Local activists, leaders, and experts are best positioned to challenge the harmful social and gender norms within their communities that contribute to HIV transmission, gender-based violence (GBV), and other poor health outcomes.
This brief discusses the experience of the CHAMPION Project in Tanzania, which trained and supported community partners in 14 urban districts in 10 regions of Tanzania to plan and implement gender transformative HIV and gender-based violence (GBV) prevention activities in their communities. The project used community-level ‘champions’ to lead local actions to raise awareness about HIV and GBV, champion equitable gender norms to promote long term behaviour and social change related to sexual and reproductive health (SRH), and encourage community members to test for HIV. These community champions were found to be critical allies within Tanzania’s HIV prevention efforts, a “promising approach to engendering social change and improving sexual and reproductive health outcomes.” This brief forms part of a series of CHAMPION briefs to highlight some of the project’s achievements.
The brief discusses the importance of partnerships across various levels of intervention, including working with local partners to identify champions to serve as change agents; building partners’ capacity around in-depth understanding of gender norms; and building leadership, communication, and community mobilisation skills. These community-level partners “planned and led a variety of activities in their communities to create awareness, promote behaviour change, and stimulate community dialogue about gender norms, HIV, SRH, and GBV.” Their activities included community dialogues, discussions, video shows, street dialogues and theatre, health fairs, sporting events, and rallies, all of which are briefly explained in the publication.

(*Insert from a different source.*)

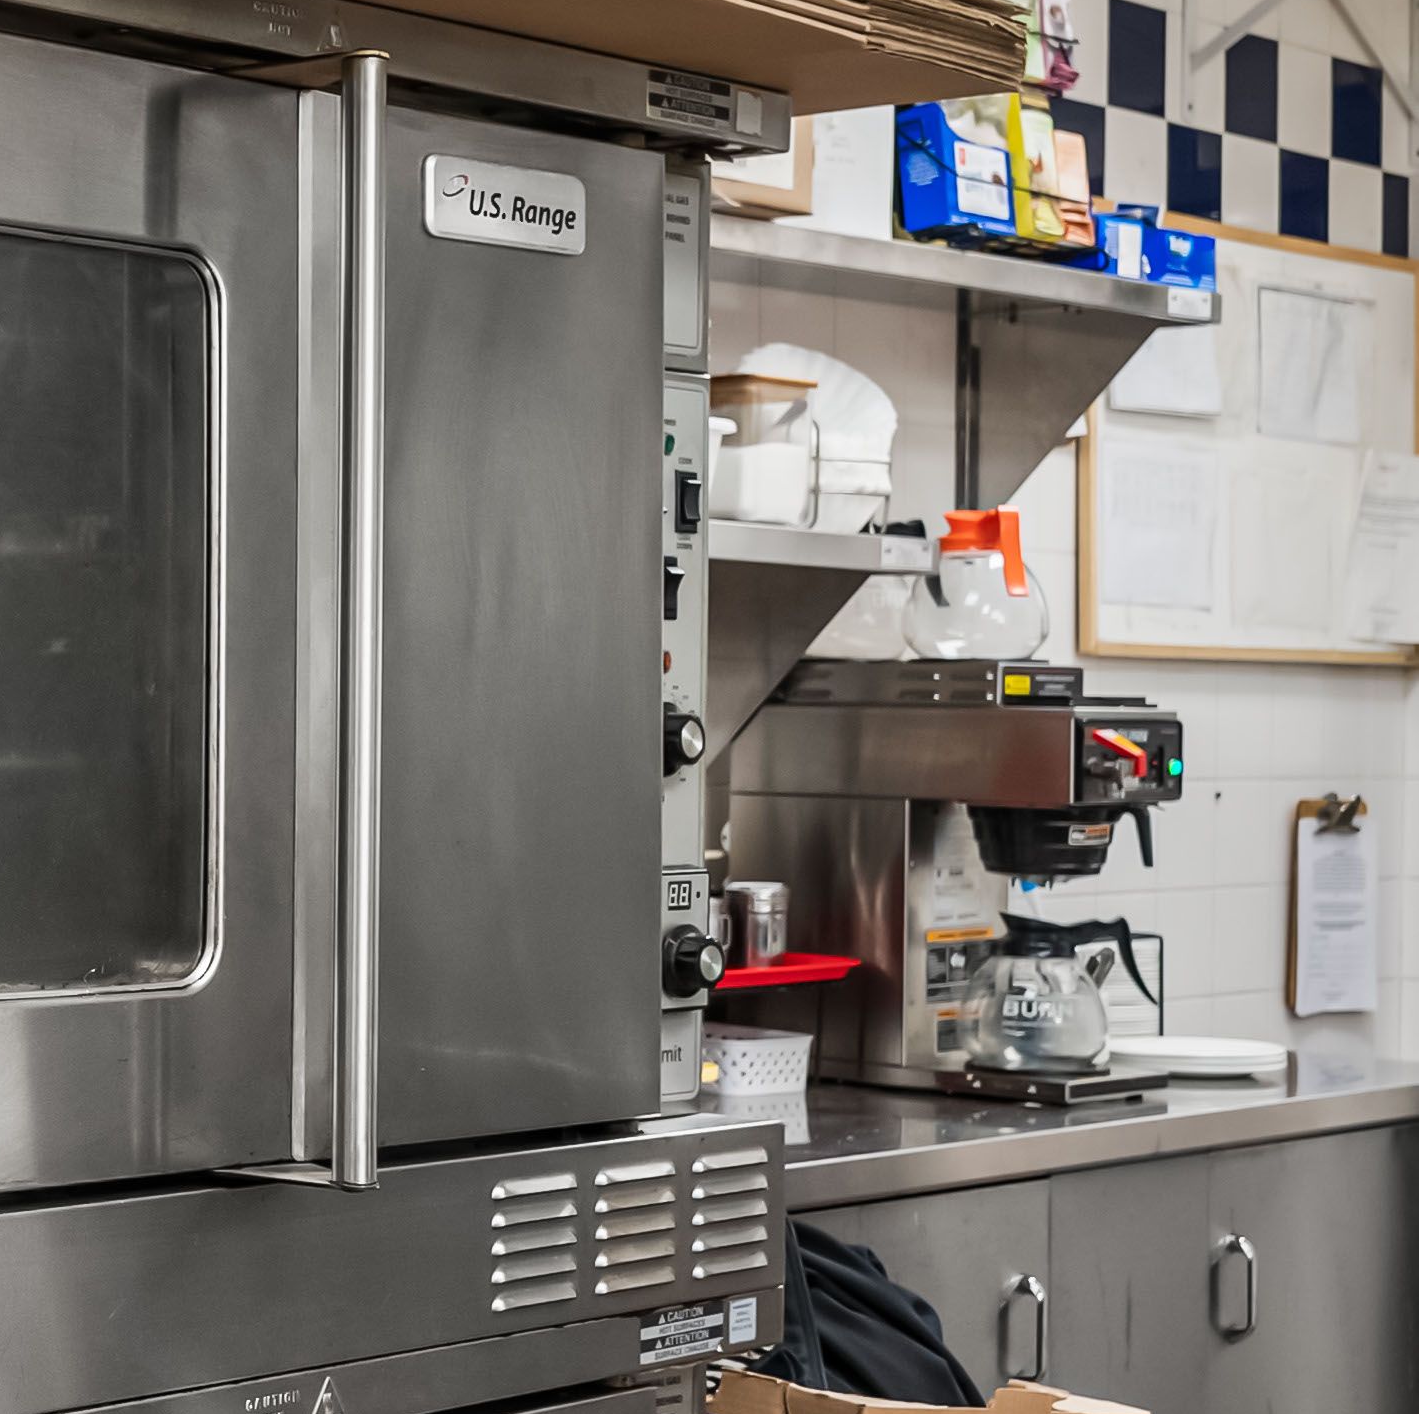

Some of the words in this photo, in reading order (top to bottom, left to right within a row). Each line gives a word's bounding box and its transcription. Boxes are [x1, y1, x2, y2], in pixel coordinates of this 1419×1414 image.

[469, 189, 507, 221] U.S.
[510, 195, 577, 235] Range
[666, 1305, 704, 1323] CAUTION
[664, 1329, 710, 1347] ATTENTION

Based on learning from the project, the brief outlines a number of recommendations:
- Go local: “…community interventions and related capacity building must be tailored to specific communities and to the partners who are working to lead social change. Efforts should be made to identify audio-visual materials that resonate with community members. The more ‘foreign’ the messenger, the less likely the message is to resonate.”

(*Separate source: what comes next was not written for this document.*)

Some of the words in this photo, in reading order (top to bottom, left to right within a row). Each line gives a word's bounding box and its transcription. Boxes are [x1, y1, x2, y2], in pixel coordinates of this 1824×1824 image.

- Creativity matters: Messages should be “clever, catchy, persuasive, compelling, and tailored to the local context.” They should provoke discussion and reflection, rather than reiterate facts people already know.”

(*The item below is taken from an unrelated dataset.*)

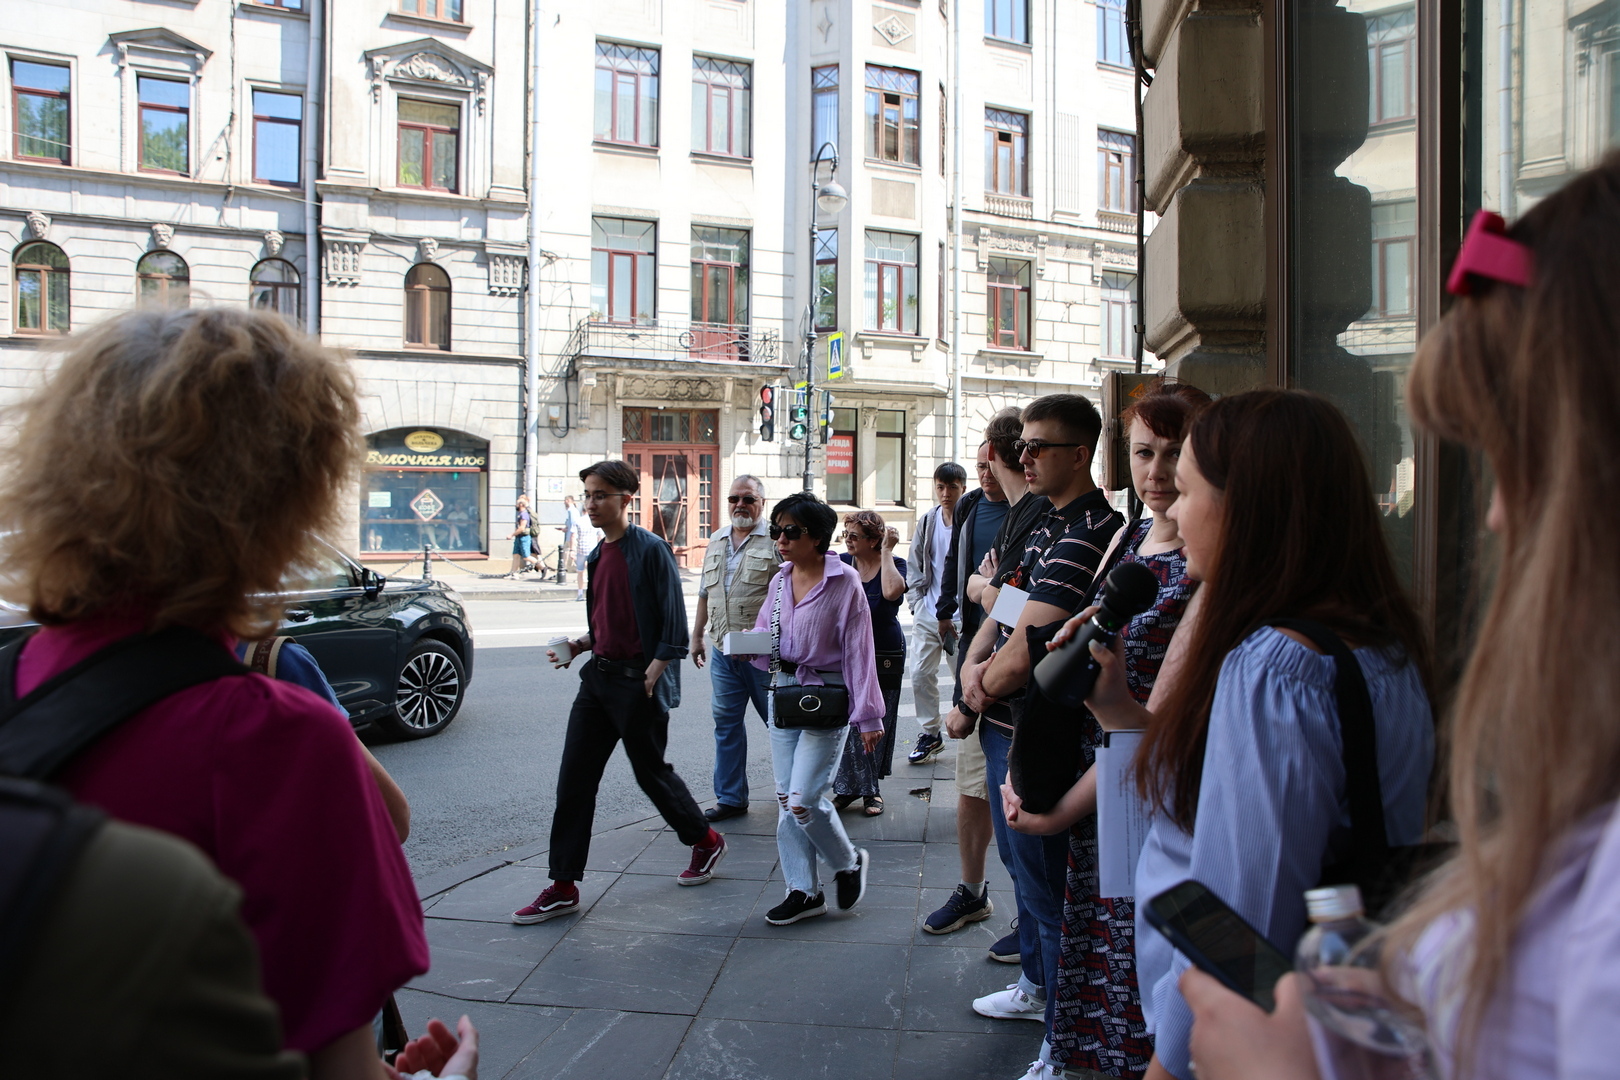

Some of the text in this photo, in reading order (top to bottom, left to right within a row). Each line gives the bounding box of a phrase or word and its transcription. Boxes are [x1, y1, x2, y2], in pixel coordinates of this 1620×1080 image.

- Avoid the blame game: Positive approaches can best contribute to a more constructive dialogue about gender norms, why inequities exist, how they are harmful, why challenging them is important, and how they can be transformed.
- Programme holistically: Programmes should ensure that community capacity building and engagement is accompanied by the availability and accessibility of health services. “Service providers must also have the capacity, resources, and commodities available that are needed to provide the full range of client-centred services for HIV, RH, and GBV prevention and response.”